Residents of Akekoase, a farming community of over 200 people in the Wassa West District of the Western Region, have appealed to government to protect their lands from total destruction by mining.
They said the activities of mining companies in the district were destroying their land and water bodies and taking away their source of livelihood.
They made the call when a team of journalists, at the instance of the Ghana Chamber of Mines, went there to ascertain the cause of the cyanide spillage and subsequent remedial measures taken to restore normalcy.
The residents contended that since the spillage had rendered them vulnerable to diseases, the mining companies should resettle and compensate them adequately.
An Accra private newspaper broke the story on the spillage of cyanide into River Asuman on October 22.
After the publication, the Environmental Protection Agency (EPA) issued a statement saying emergency response procedures like the detoxification of cyanide were being implemented and that residents had been cautioned to stay away from the river and its surrounding areas.
Cyanide, a naturally occurring compound, is extremely poisonous. It is a white, crystalline compound with a bitter odour used in extracting gold from low-grade ore, electroplating and casehardening of steel.
It can get into the human body through ingestion or absorbed through the pores on the skin. In the human body, it extracts all oxygen from the lungs, leaving the person short of breath. It can lead to death if ingested in large amounts.
The Chief of Abekoase village, Nana Moloba Nyameke told the journalists that they should be relocated because they were afraid of staying in the area.
He said he personally had to send one person to the hospital after she drank water from the river.
According to him, on the morning of October 16, personnel of the Goldfields Ghana Limited (GGL) came to the village to tell them to refrain from using water from the river since there had been a leakage from a pipe at its leach pad upstream.
Nana Nyameke said the GGL immediately provided them with a water tank, with a promise to provide them a borehole, which they were digging.
He said residents who went to the riverside that morning found dozens of dead fish floating and not knowing the cause some jumped in the river and picked some of the fish.
The chief asked for doctors to be sent there to ascertain the health threat to the people.
Nana Nyameke said even if the water were declared safe for consumption, the residents would not drink it.
As at the time journalists left the village, a tanker was supplying water to the villagers and a borehole was being dug for them.
Some of the residents complained about nausea while some had skin rashes, believed to have been caused by contact with the contaminated water.
The journalists could not reach the other village, Huniso, affected by the cyanide spillage because of the poor condition of the road. It had been recently graded by GGL and parts of it had become muddy from recent rain.
Meanwhile GGL said the spillage had no effect on public health or long-term damage to the river system.
Mr Tim Buchanan, Environmental Manager, said following the discovery of the leakage, residents of both communities- Abekoase and Huniso - were asked to refrain from drinking from the river until water quality sampling could verify that no public safety threat existed.
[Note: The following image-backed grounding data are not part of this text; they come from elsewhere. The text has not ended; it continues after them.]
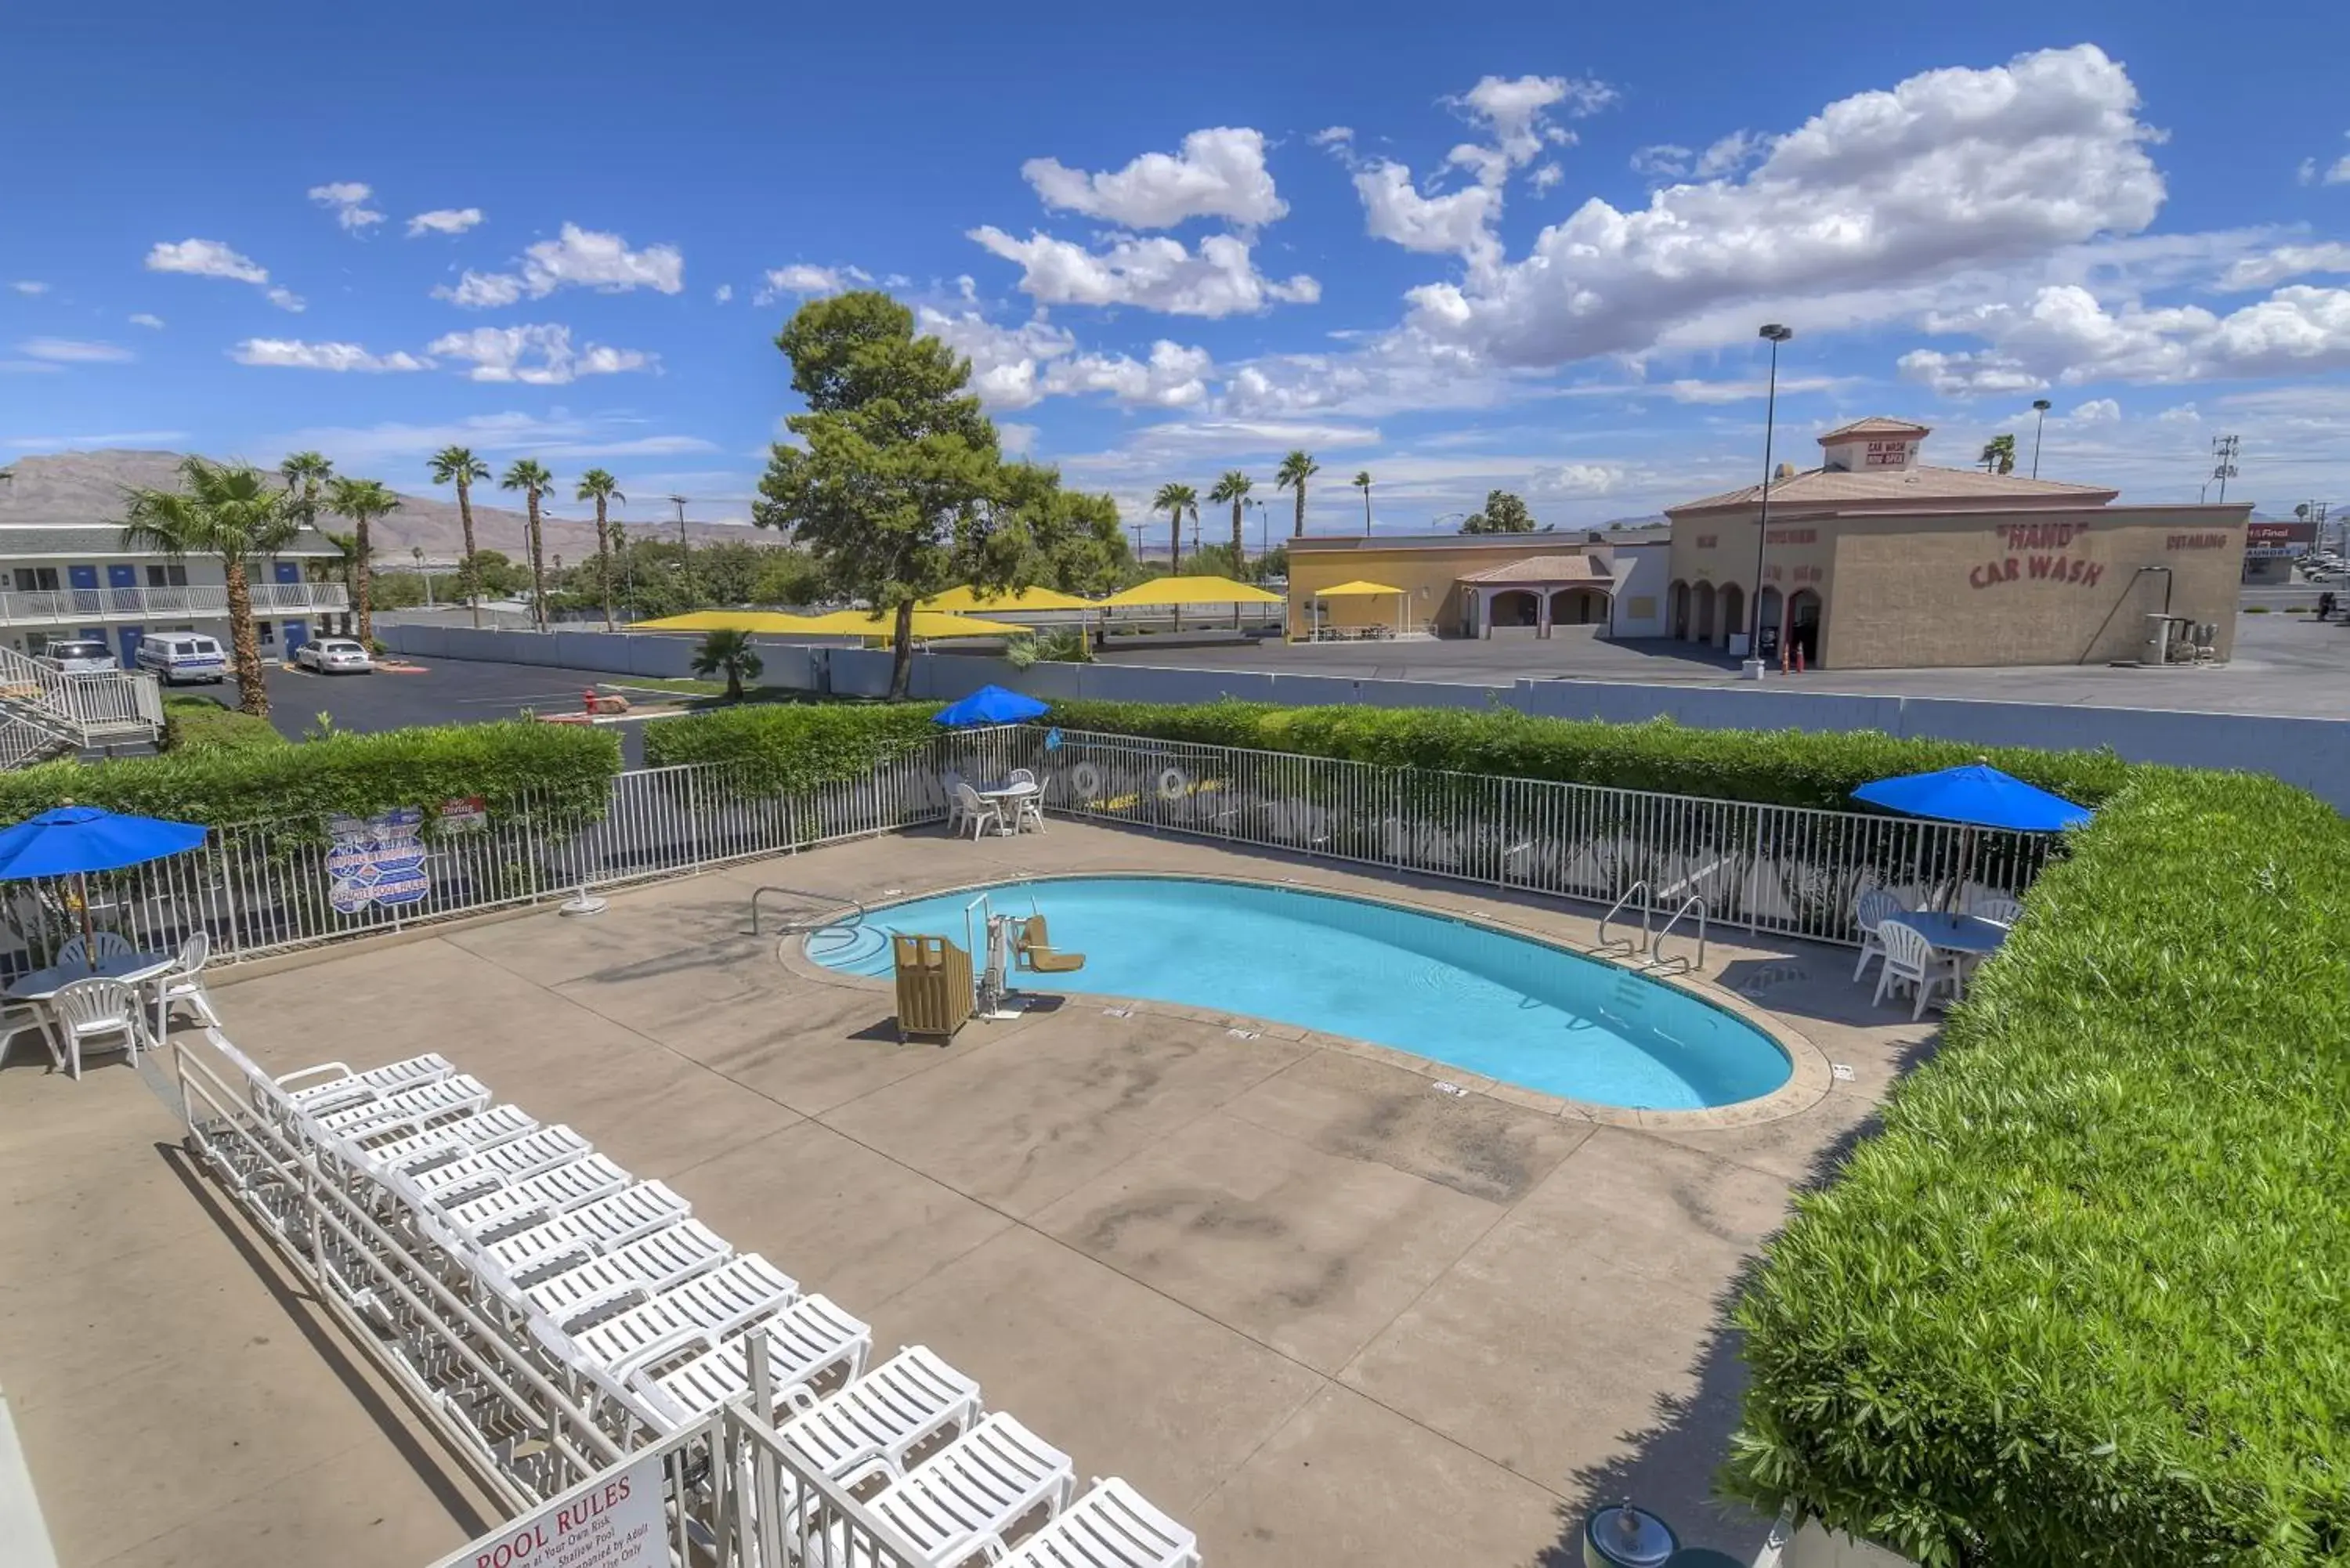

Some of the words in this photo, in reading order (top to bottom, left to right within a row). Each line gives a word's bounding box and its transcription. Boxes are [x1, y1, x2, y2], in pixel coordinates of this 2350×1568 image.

[2167, 533, 2227, 551] DETAILING
[1969, 557, 2020, 589] CAR
[2028, 555, 2104, 588] WASH
[476, 1523, 548, 1568] POOL
[556, 1476, 631, 1535] RULES
[545, 1542, 566, 1559] Your
[568, 1529, 588, 1545] Own
[591, 1516, 610, 1533] Risk
[613, 1540, 624, 1551] by
[626, 1523, 649, 1544] Adult
[559, 1541, 593, 1566] Shallow
[595, 1526, 615, 1546] Pool
[622, 1544, 642, 1560] Only
He said the incident was reported to the EPA and water quality sampling on the same day verified that the spillage had no effect on public safety.
Mr Buchanan said the concentrations of cyanide detected in the river had no effect on it and did not alter or damage it, adding that the dead fish in the river were the result of detoxificant applied to the river to neutralize the residual pools of the leakage.
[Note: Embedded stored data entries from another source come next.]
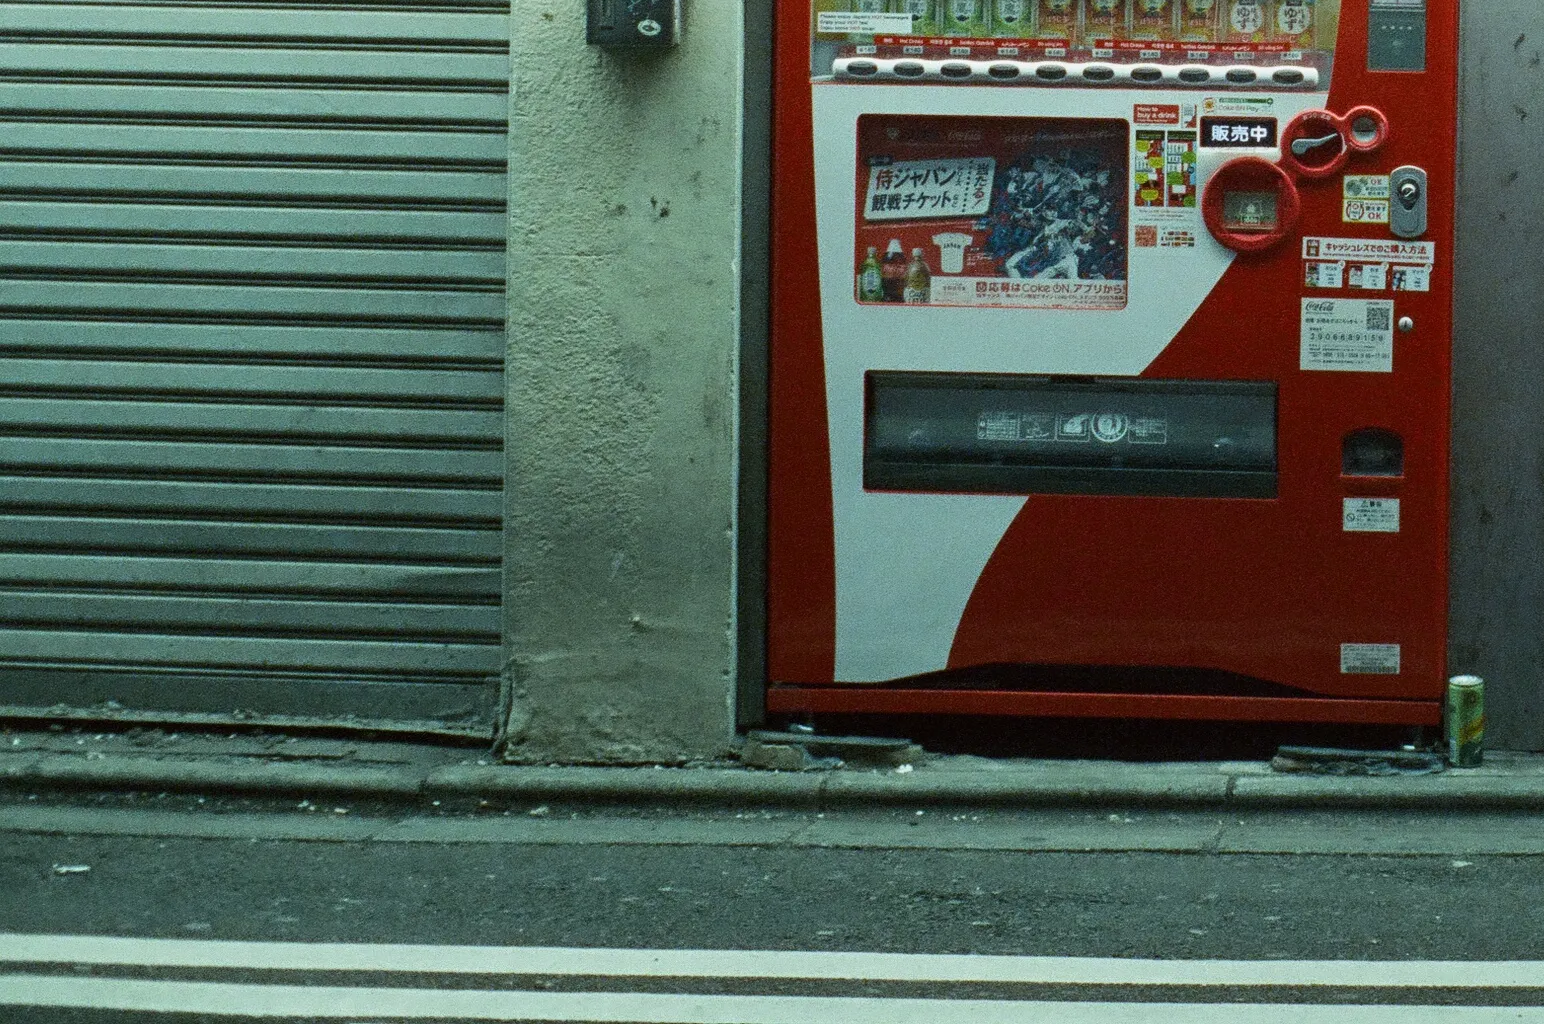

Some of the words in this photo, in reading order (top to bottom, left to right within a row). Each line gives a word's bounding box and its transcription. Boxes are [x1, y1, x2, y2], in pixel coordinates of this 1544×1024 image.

[1211, 125, 1268, 142] 販売中
[876, 166, 956, 190] 侍ジャパン
[872, 191, 951, 211] 観戦チケット
[1325, 243, 1427, 255] キャッシュレスでのご購入方法
[1022, 283, 1051, 293] Coke
[1305, 301, 1334, 312] Coca-Cola
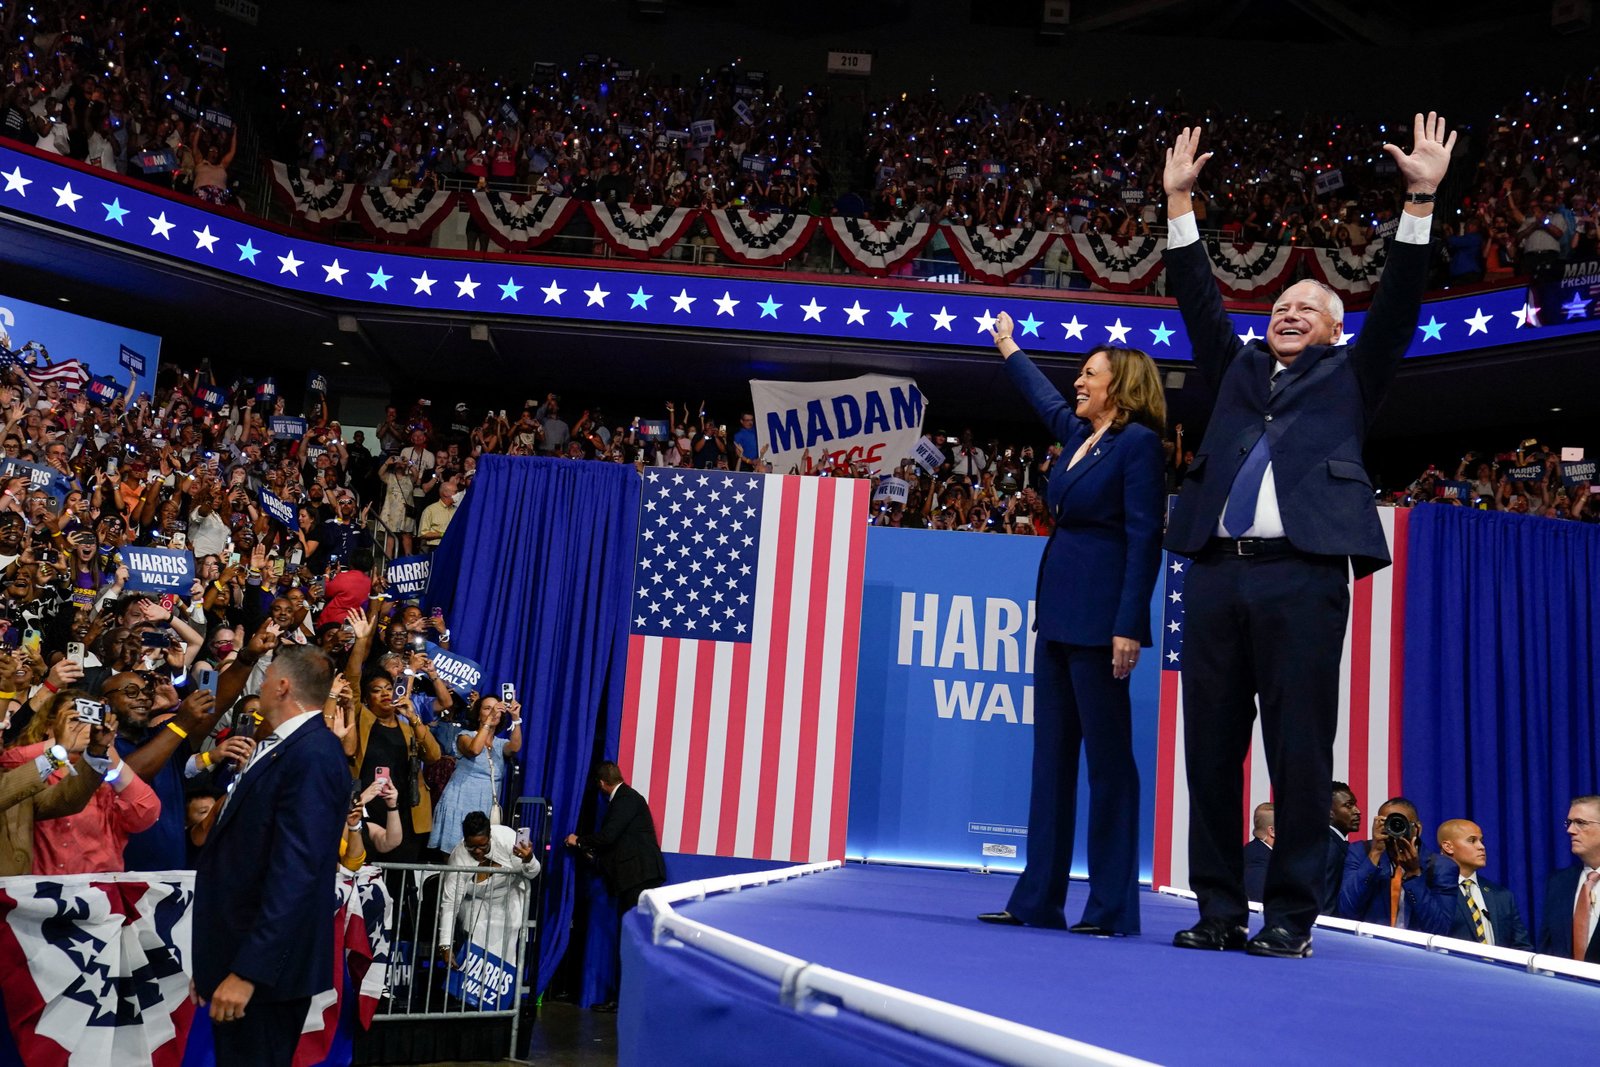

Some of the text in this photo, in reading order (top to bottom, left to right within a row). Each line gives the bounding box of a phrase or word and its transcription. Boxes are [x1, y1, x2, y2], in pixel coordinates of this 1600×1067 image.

[240, 2, 257, 18] 210
[841, 55, 859, 67] 210
[766, 384, 922, 455] MADAM
[273, 423, 303, 435] WE WIN
[916, 444, 928, 458] WE
[6, 462, 51, 486] HRIS
[1508, 465, 1541, 475] HARRIS
[1564, 463, 1596, 477] HARRIS
[1571, 474, 1593, 483] WALZ
[878, 485, 889, 495] WE
[889, 486, 905, 497] WIN
[262, 492, 293, 519] HARRIS
[269, 506, 290, 524] WALZ
[129, 552, 188, 575] HARRIS
[387, 560, 430, 584] HARRIS
[141, 572, 180, 587] WALZ
[396, 580, 426, 594] WALZ
[432, 653, 481, 686] HARRIS
[437, 668, 468, 690] WALZ
[458, 952, 514, 996] HARRIS
[461, 979, 498, 1006] WALZ
He said the number of dead fish picked up in the river was about 50 which he handed over to the EPA for analysis, but residents claimed they saw about 200 dead fish.
Mr Buchanan said the amount of leakage, about 680 cubic metres or 200 kilogrammes of sodium cyanide, was a small solution spillage, and would have no effect on the life forms in the river and plants around it.
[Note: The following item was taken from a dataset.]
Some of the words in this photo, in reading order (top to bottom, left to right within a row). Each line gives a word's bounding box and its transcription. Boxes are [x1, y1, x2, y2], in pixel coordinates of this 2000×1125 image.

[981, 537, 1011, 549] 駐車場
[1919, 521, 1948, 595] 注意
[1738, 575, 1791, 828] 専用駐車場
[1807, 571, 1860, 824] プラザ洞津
He explained that cyanide degrades in the natural environment extremely quickly to its constituents - carbon and nitrogen - and has no lingering effect known to science.
Mr. Buchanan said cyanide when found naturally at small concentrations was not stable in nature for a significant period at concentrations high enough to cause harm to the public or wildlife.
"Medical professionals understand that cyanide has no cumulative effects on living organisms including humans and has no connection with cancer, miscarriages, nervous problems or any other health condition.
The human body quickly breaks down cyanide to its natural components."
He said following the incident, the GGL had made modifications to its structural designs to forestall future accidents.
Journalists, who were conducted around the Tarkwa mine where the spill emanated from, found out that one of the pipelines at the company's leach pad - where the gold is extracted using cyanide, had been disjointed.
At the time the journalists were being conducted round the mines work was going on new infrastructure to ensure that no such incident happened again.
Mr Buchanan said the EPA and Mines Inspectorate were on the site on the day of the incident and samples taken by the EPA for analysis showed that there was no contamination by heavy metals as a result of the spillage.
The team could, however, not reach the management of the Satellite Goldfields Limited (SGL), the second mining company that hit the headlines for cyanide spillage on October 28 at Akyempim in the Mpohor Wassa East District.